Maternal Mental Health Matters

Dr. Tina Mistry, a British Clinical Psychologist, knows all too well about maternal mental health. “I struggled with low mood, but I was never diagnosed,” says the mother of two.

“I was tearful, found it difficult to separate from my child, had thoughts of not being a good enough mum and had difficulty connecting to my family and in-laws.”

Dr. Mistry says past issues with her father resurfaced too. “These erupt when we are establishing new relationships like becoming a mother.”

She says the best way she coped was to acknowledge her distress rather than ignoring it and accepting support from friends and family even when she wanted to disconnect.

Dr. Mistry is sharing her tips with us to help pinpoint how to identify a mother who may need a boost with her mental health.

Dr. Tina Mistry as a baby with her grandmother

Maternal mental begins the minute you become pregnant. Changes happen not only physically and biologically, but also psychologically.

Some pregnant South Asian women are asked to adhere to specific diets, restrict travel and not wash their hair for cultural and religious reasons. Some also have a Godh bharai, Shrimant or Khoro-ceremonies to bless the unborn child and parents to be. Even though these can be joyful experiences, restrictions placed on pregnant mothers can impact their mental well-being.

How were you feeling when you became pregnant? What rules were you expected to follow? How did it make you feel? Did you acknowledge these changes and were you able to talk to others about it?

There can be an emotional impact of giving birth and becoming a parent. Talking about the birth, feels somewhat of a taboo, yet it can have such a huge impact on a mothers psychological well-being and attachment to her baby.

Mental health practitioners find it difficult to detect the severity of the issues South Asian women may face, as there is reluctance to seek support due to the stigma and possible family shame.

Traditionally South Asian communities used taiyas (doulas) who supported women during birth. Having a support system around you is helpful. How much did you plan for the emotional or psychological aspects of birth?

We need to start talking so that its easier to spot potential prenatal anxiety, depression or tokophobia (fear of birth).
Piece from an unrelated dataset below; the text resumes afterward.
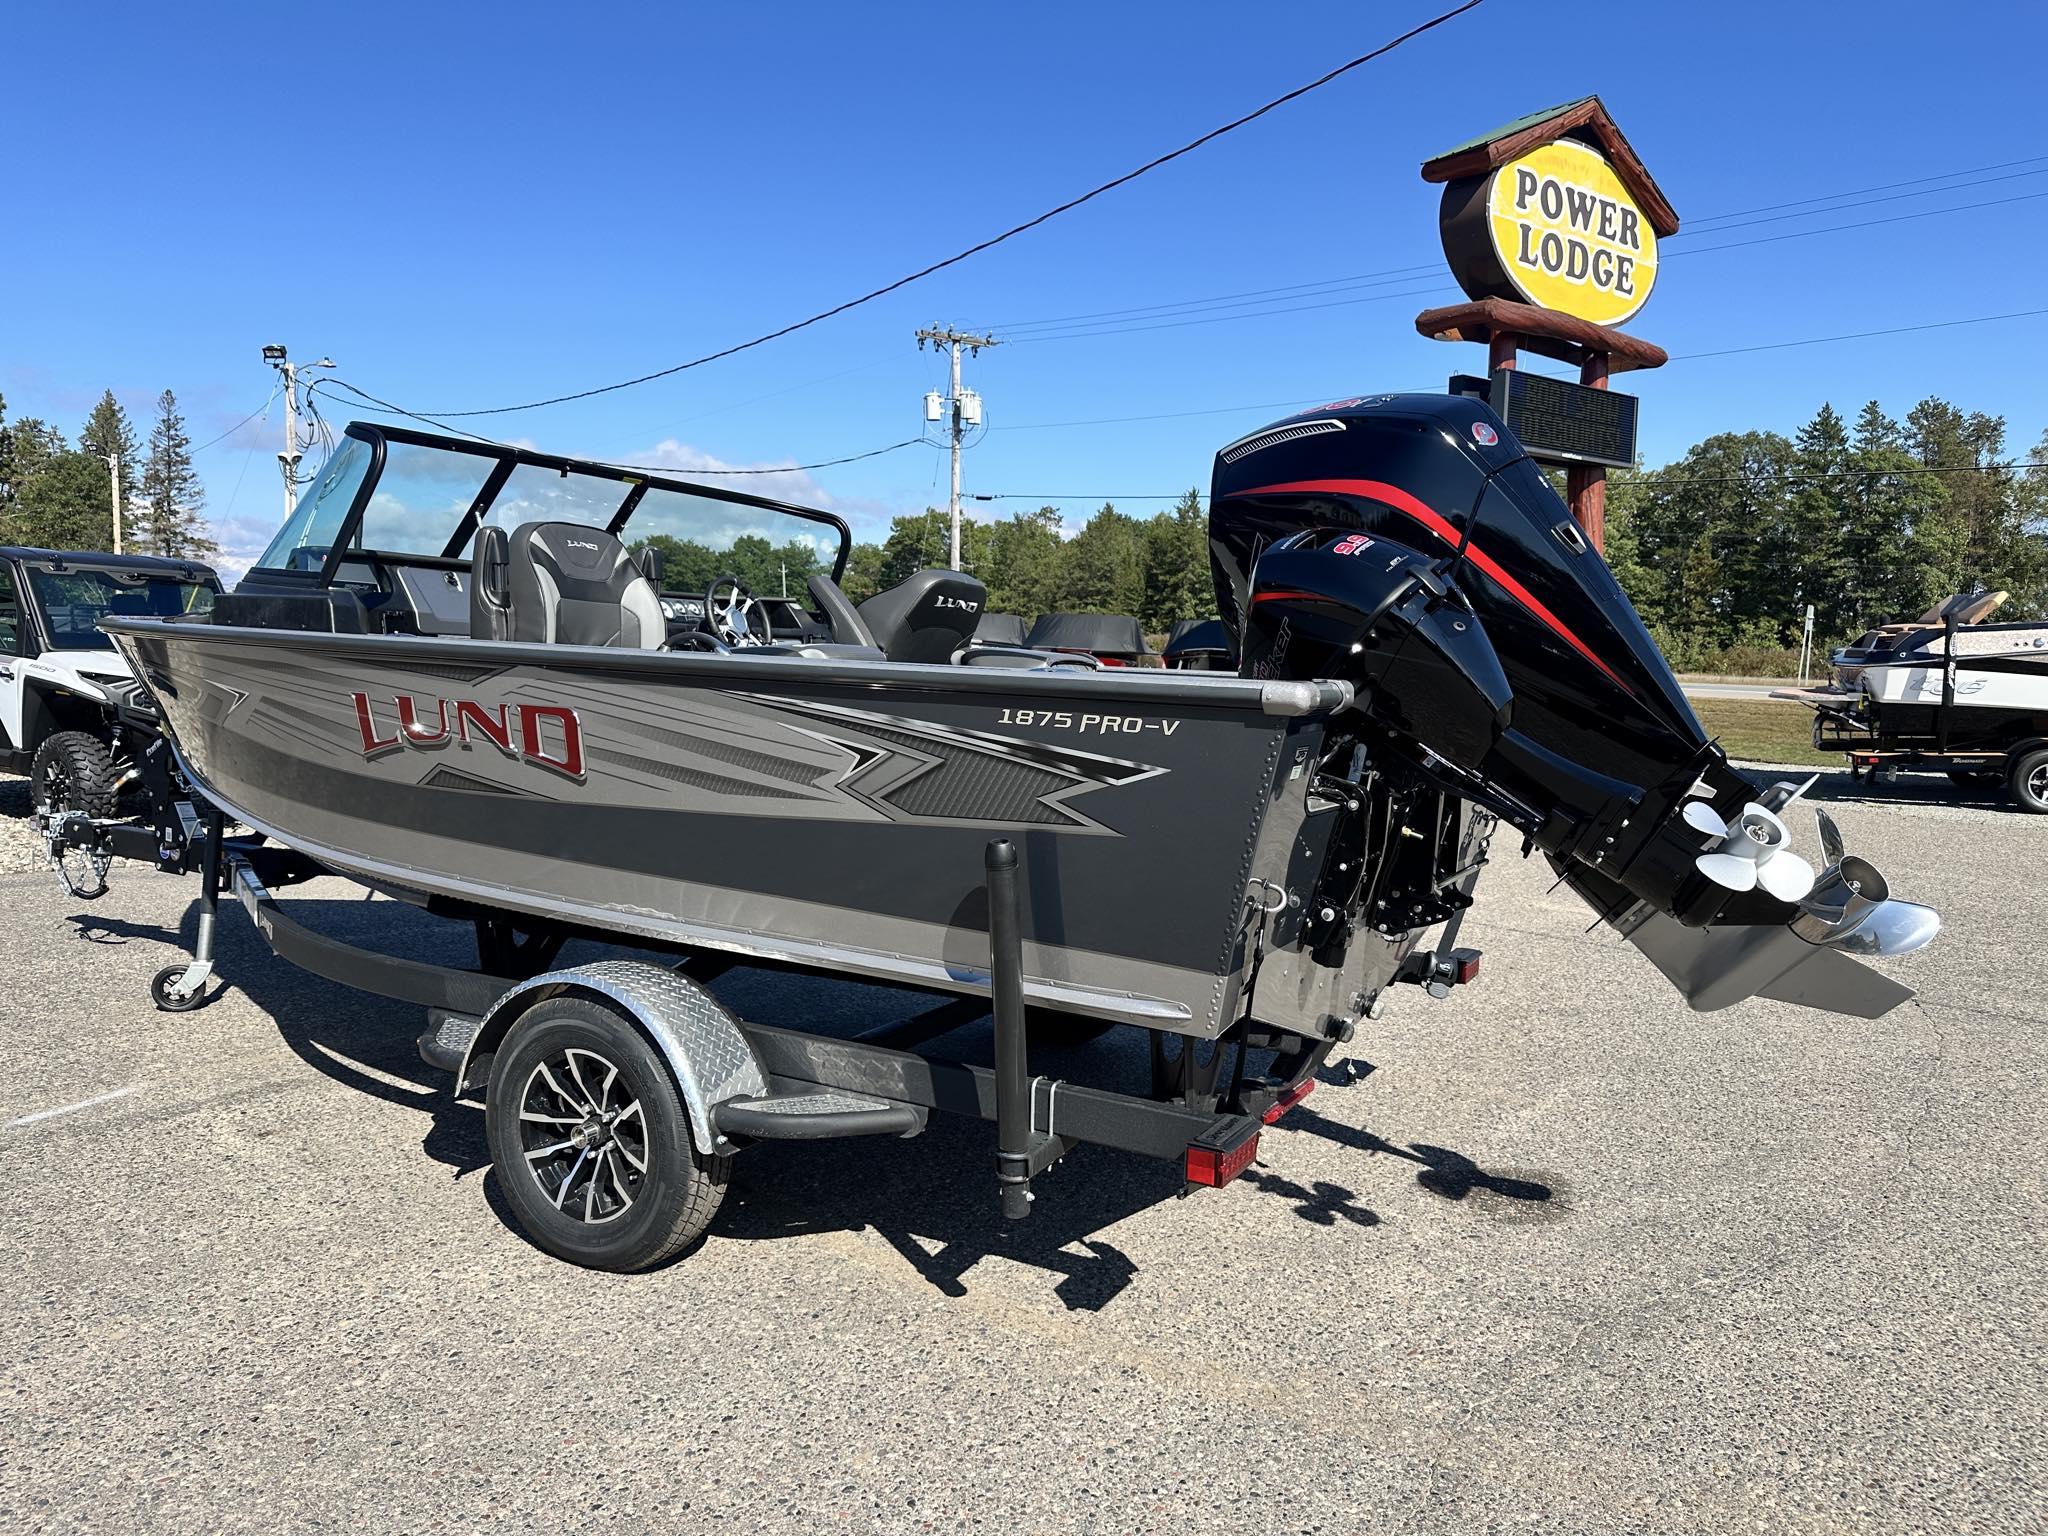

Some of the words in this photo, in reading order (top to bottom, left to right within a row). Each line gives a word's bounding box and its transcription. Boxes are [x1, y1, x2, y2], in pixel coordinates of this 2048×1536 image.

We must acknowledge that the perinatal period from pregnancy to post birth is a critical time frame when a woman is vulnerable to developing psychological issues. The severity ranges and it is normal to experience some “baby blues,” which is a drop in hormones within the first four weeks of giving birth. But if the following signs persist, you should seek help:

  • Very low mood or severe mood fluctuations

  • Excessive crying, irritability and anger

  • Difficulty bonding with baby

  • Withdrawing from family and friends

When we feel low or worried we might find that our appetite is affected by either eating more or less than usual. Sleeping patterns may also change leaving us feeling really tired and lacking energy.

As new parents its normal to doubt your parenting skills, but if your thoughts become consuming and interrupt daily life then its time to reach out for support. Some women may think they are not a good mother, feel hopeless, worthless, shame, guilt or inadequate. You may notice difficulty in concentrating, making decisions, thinking of harming yourself or your baby or have recurrent thoughts of death or suicide.

Just because you seek professional help, does not mean that you aren’t good enough or that your children will be taken away.

The consequences for untreated support can impact you and your child.

Let’s keep the dialogue about South Asian maternal mental health open and honest.